The contemporary process of layer-wise additive manufacture is nevertheless slow and impacts the rate of object fabrication for objects with ridged surfaces. Continuous stereolithographic printing can overcome the limits by increasing print speeds to generate objects with smooth surfaces. Now writing in Science Advances, Martin P. de Beer, Harry L. van der Laan and co-workers demonstrate a new method for rapid and continuous stereolithographic additive manufacture (SLA) in a single shot by interfacing the raw material with two wavelengths of light.
The materials scientists developed a method using two sources of light; one to solidify the resin and another ultraviolet light to prevent resin curing on the device window during object fabrication. A zone without unwanted solidification (inhibition volumes) allowed efficient use of resins and boosted the speed of 3-D printing in a single exposure, in contrast to layer-wise, conventional manufacture. A variety of materials, including thermoplastics, polymer resins and inorganic powders have been used as media for additive manufacture (AM), with a variety of methods including material extrusion, to powder bed fusion and binder jetting. In particular, stereolithographic AM (SLA) was of interest in the study since it is based on a patterned illumination source to cure cross-sections of a desired geometry.
In the study, de Beer and Laan et al. developed an AM system that could print continuously, at relatively high linear velocities to form 3-D structures in a single exposure. The experimental setup included a build head drawn upward from a photopolymerizable resin and two illumination sources with optics operating at different wavelengths (365 nm and 458 nm). In the experimental setup, patterned illumination passed through a transparent glass window from below and initiated resin polymerization.

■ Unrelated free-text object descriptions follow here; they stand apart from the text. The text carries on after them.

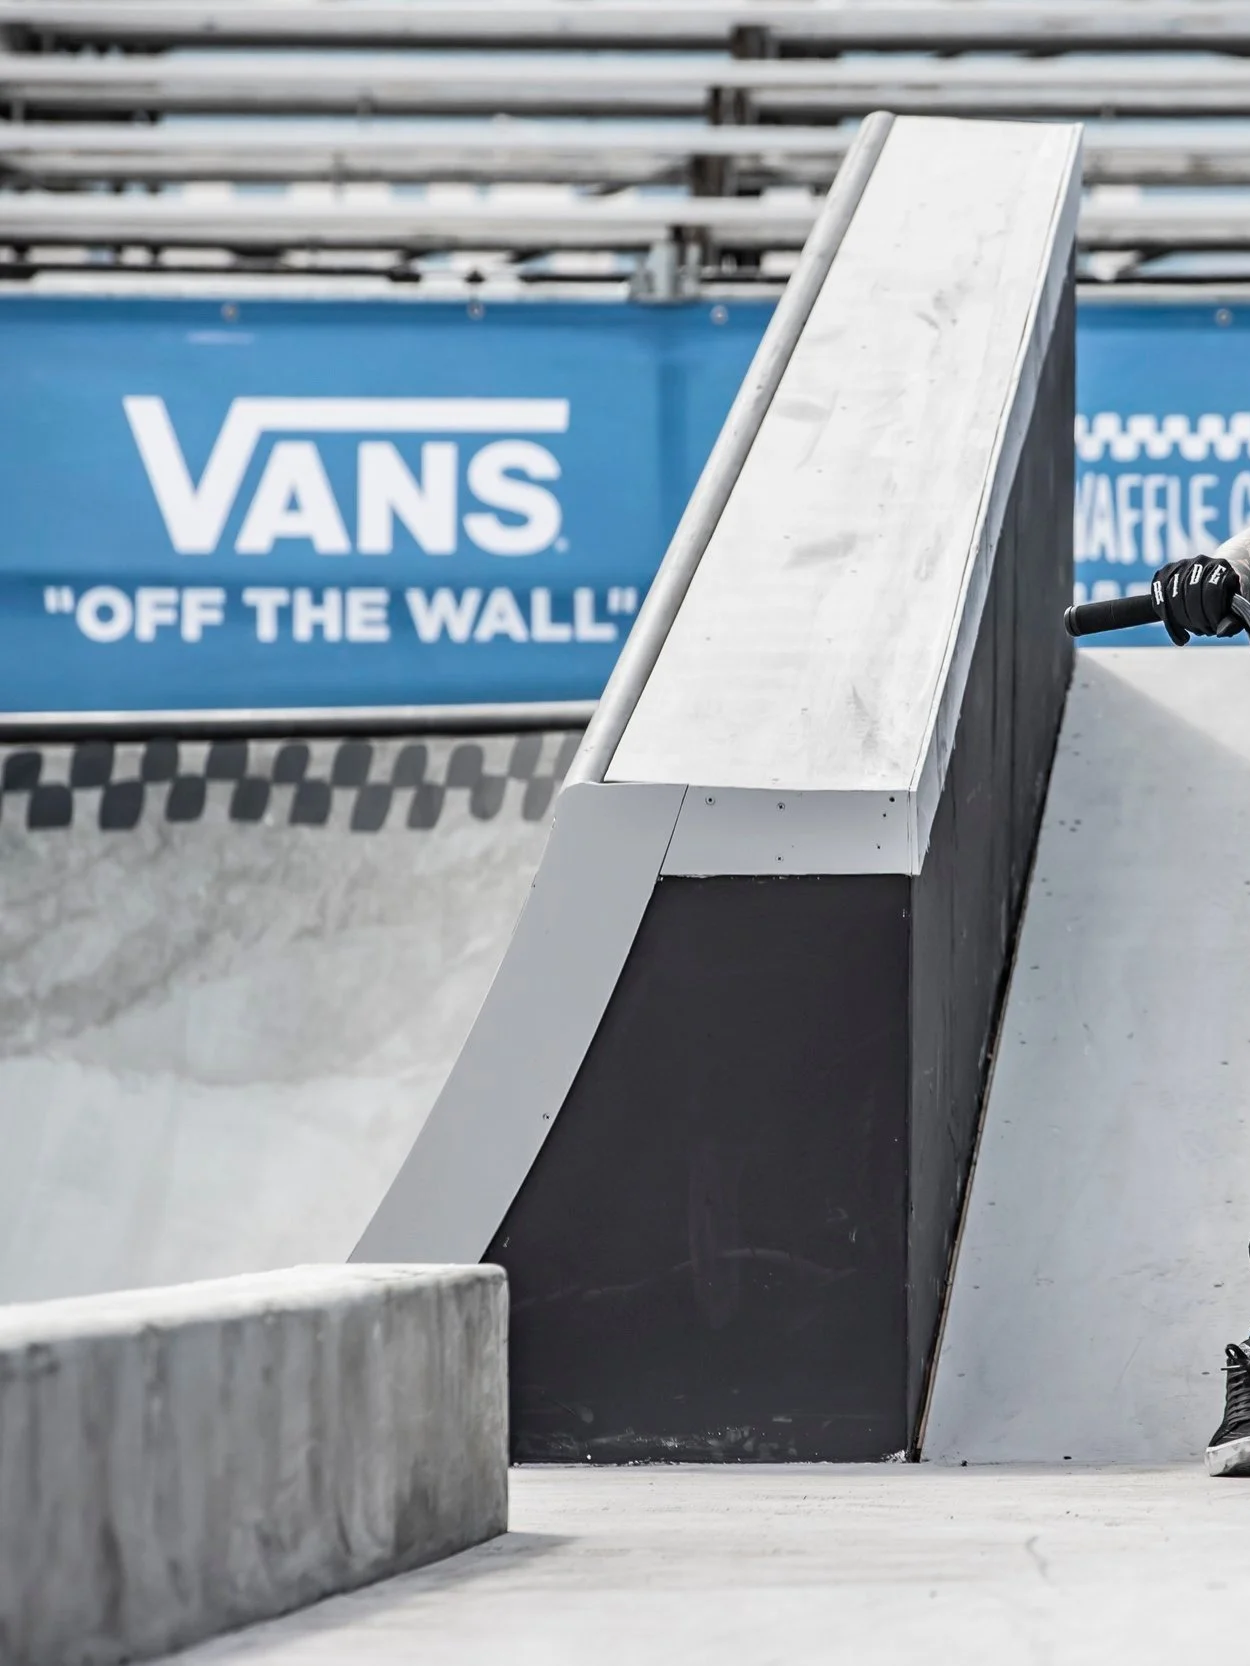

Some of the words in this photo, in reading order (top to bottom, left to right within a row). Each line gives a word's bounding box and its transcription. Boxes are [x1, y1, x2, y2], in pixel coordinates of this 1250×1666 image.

[122, 395, 570, 556] VANS
[1153, 564, 1227, 605] RIDE
[44, 586, 225, 643] "OFF
[243, 587, 390, 643] THE
[407, 587, 638, 643] WALL"

Illumination with a second wavelength inhibited the polymerization process immediately adjacent to the glass window to allow continuous operation by eliminating polymer adhesion to the glass. De Beer et al. achieved print speeds of up to two meters per hour using a process compatible for a variety of resins including acrylates, methacrylates and vinyl ethers. By varying the intensity of light on per-pixel basis, the system could also perform material surface patterning in a single exposure of the layer, without translating the stage.

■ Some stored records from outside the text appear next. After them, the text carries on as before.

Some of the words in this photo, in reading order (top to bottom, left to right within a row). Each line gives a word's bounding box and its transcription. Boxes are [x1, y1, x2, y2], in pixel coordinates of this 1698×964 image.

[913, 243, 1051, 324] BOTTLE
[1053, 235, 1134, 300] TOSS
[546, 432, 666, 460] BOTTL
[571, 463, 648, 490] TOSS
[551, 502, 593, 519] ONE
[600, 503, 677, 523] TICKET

A unique feature of the experiments developed by de Beer et al., was the achievement of volumetric patterning using a multicolor system for photochemical polymerization initiation and inhibition. For photopolymerizable resins, the scientists used camphorquinone (CQ) and ethyl-4(dimethylamino)benzoate (EDAB) as a visible photoinitator and co-initiator. For the photoinhibitor they used bis[2-(o-chlorophenyl)-4,5-diphenylimidazole] (o-Cl-HABI).
In the process, one wavelength photochemically activated polymerization, while a second wavelength inhibited that reaction after forming the desired geometry. To control the thickness of the polymerization inhibition volume adjacent to the window of the device, the scientists varied the ratio of light intensities of the two illuminating sources using custom LabVIEW software. By design, polymerization could therefore continuously occur above the region for object printing, by avoiding deleterious window adhesion.

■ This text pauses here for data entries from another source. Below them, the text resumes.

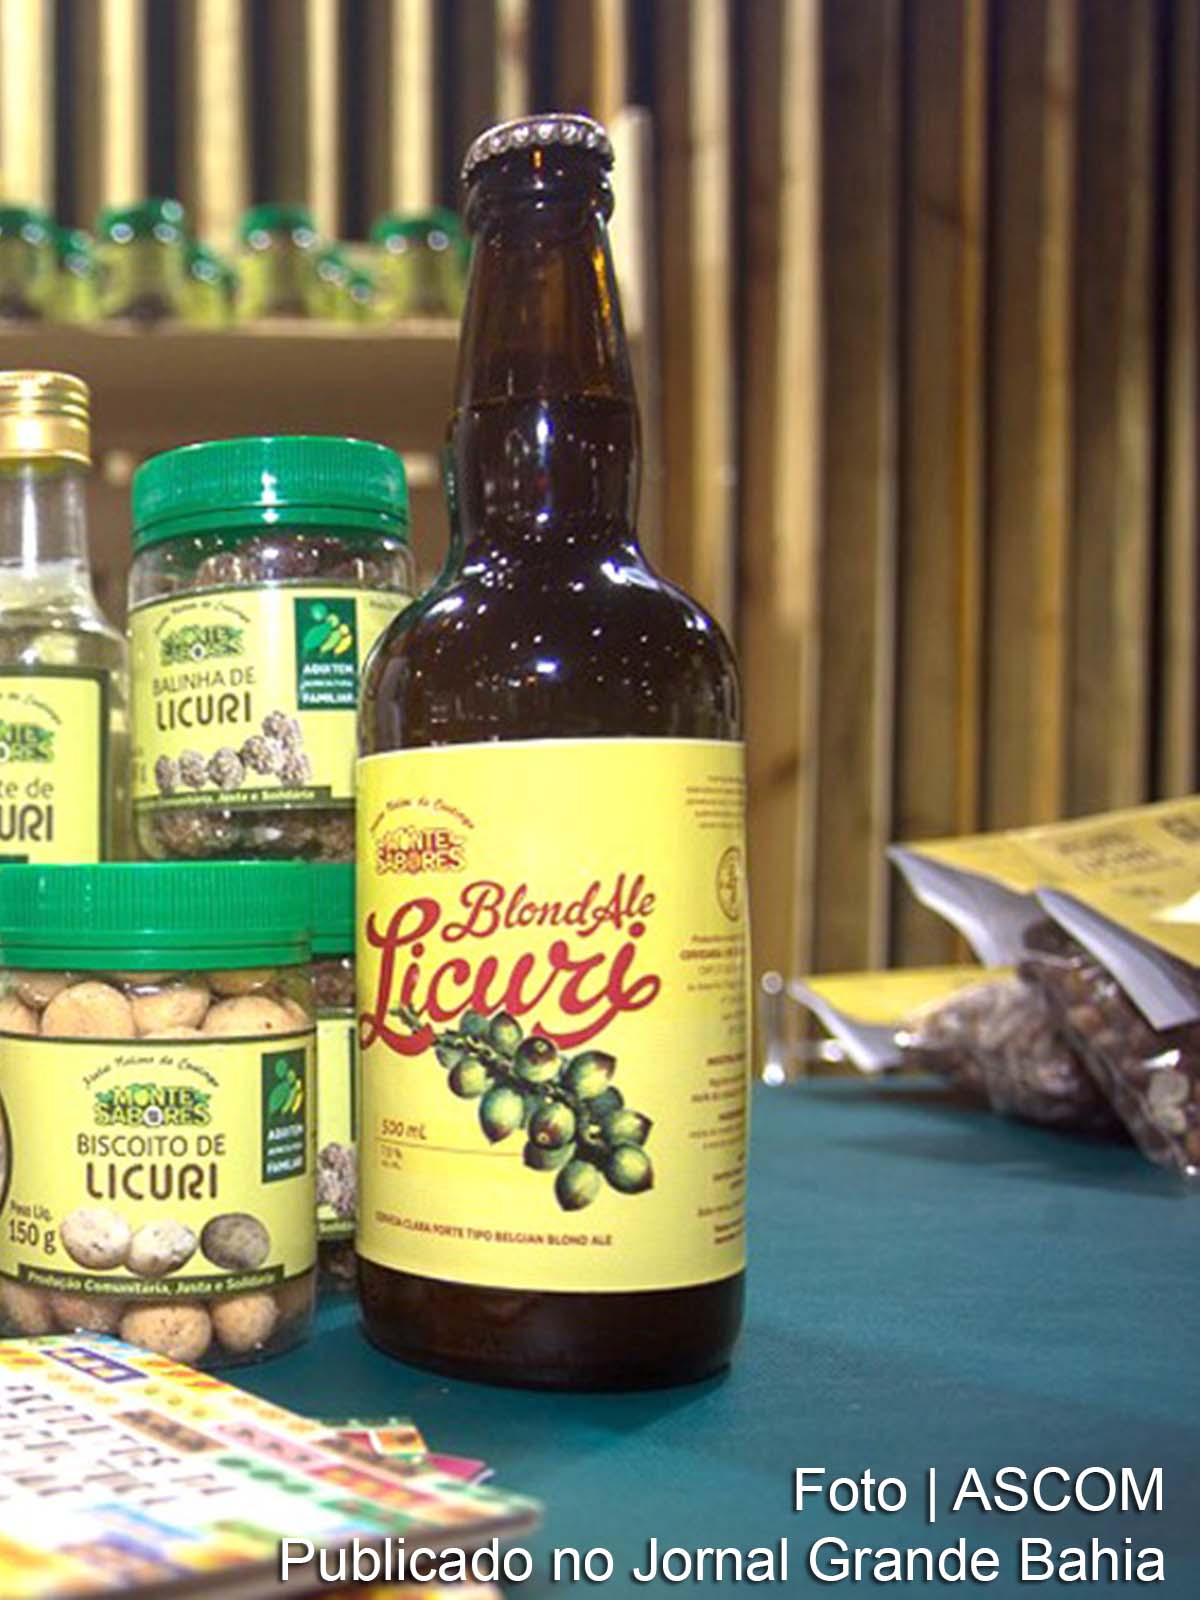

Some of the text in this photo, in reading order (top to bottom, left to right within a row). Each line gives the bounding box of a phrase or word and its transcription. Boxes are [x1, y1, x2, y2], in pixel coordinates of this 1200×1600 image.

[153, 666, 256, 697] BALINHA DE
[157, 691, 252, 732] LICURI
[26, 778, 54, 799] de
[359, 897, 662, 1057] Licuri
[93, 1103, 212, 1128] SABORES
[77, 1132, 227, 1157] BISCOITO DE
[86, 1161, 218, 1201] LICURI
[9, 1218, 57, 1256] 150 g
[467, 1227, 494, 1242] TIPO
[495, 1231, 544, 1246] BELGIAN
[591, 1233, 614, 1247] ALE

The scientists used DesignSpark Mechanical 2.0 or Autodesk Fusion 360 to design models for 3-D printing and exported them as STL files (file format created in 3-D systems).To create image slices from the STL files, they used the slicing feature in Autodesk Netfabb 2017. During printing, they displayed the image slices concurrently while moving the build head using LabVIEW VI. The maximum print speed for continuous speed and continuous printing depended on the intensity of the initiating and inhibiting wavelength and the amount of energy required to cure the resin, as derived in the study. As a proof-of-principle, de Beer et al. printed parts at speeds approximating 2 m/hour to create argyle structures. Afterward, the scientists rinsed the printed parts in isopropanol to remove uncured resin.
To characterize the 3-D products, de Beer et al, used a gas pycnometer to measure the volume of the 3-D printed parts. During the experiments, the scientists placed a sample mass in a cylindrical sample cell, which was pressured with helium gas thereafter. Then by releasing the pressure, they were able to expand the volume of helium gas, which converted to the volume of the sample. The scientists similarly conducted experiments to determine the gel fraction of samples prepared via rapid and continuous 3-D printing.
In the manufacturing system, de Beer et al controlled the depth to which light penetrated and ultimately cured the resin by controlling the resin's blue absorbance, which was derived in the study. The process of photoinitiation and photoinhibition described in the study was transferable to a variety of monomer classes for use in the setup. The techniques and results observed in the study are currently unattainable with contemporary methods. Previous studies could only attain two-color irradiation for subdiffraction and direct-write photolithography using different photoinitator and inhibitor systems, to those detailed at present.
In addition, de Beer and Laan used variable intensity irradiation to produce cured materials with intricate surface topographical features in a single step. This allowed rapid generation of personalized products, while eliminating the multiple and time-consuming steps typically used in microfabrication. In this way, the application of multiwavelength systems to SLA demonstrated in the study forms a new direction in light-assisted additive manufacture. In addition to volumetric polymerization control detailed in the context, the scientists envision the two-color system may allow rapid fabrication of parts with localized variations of materials and chemical properties in a single step.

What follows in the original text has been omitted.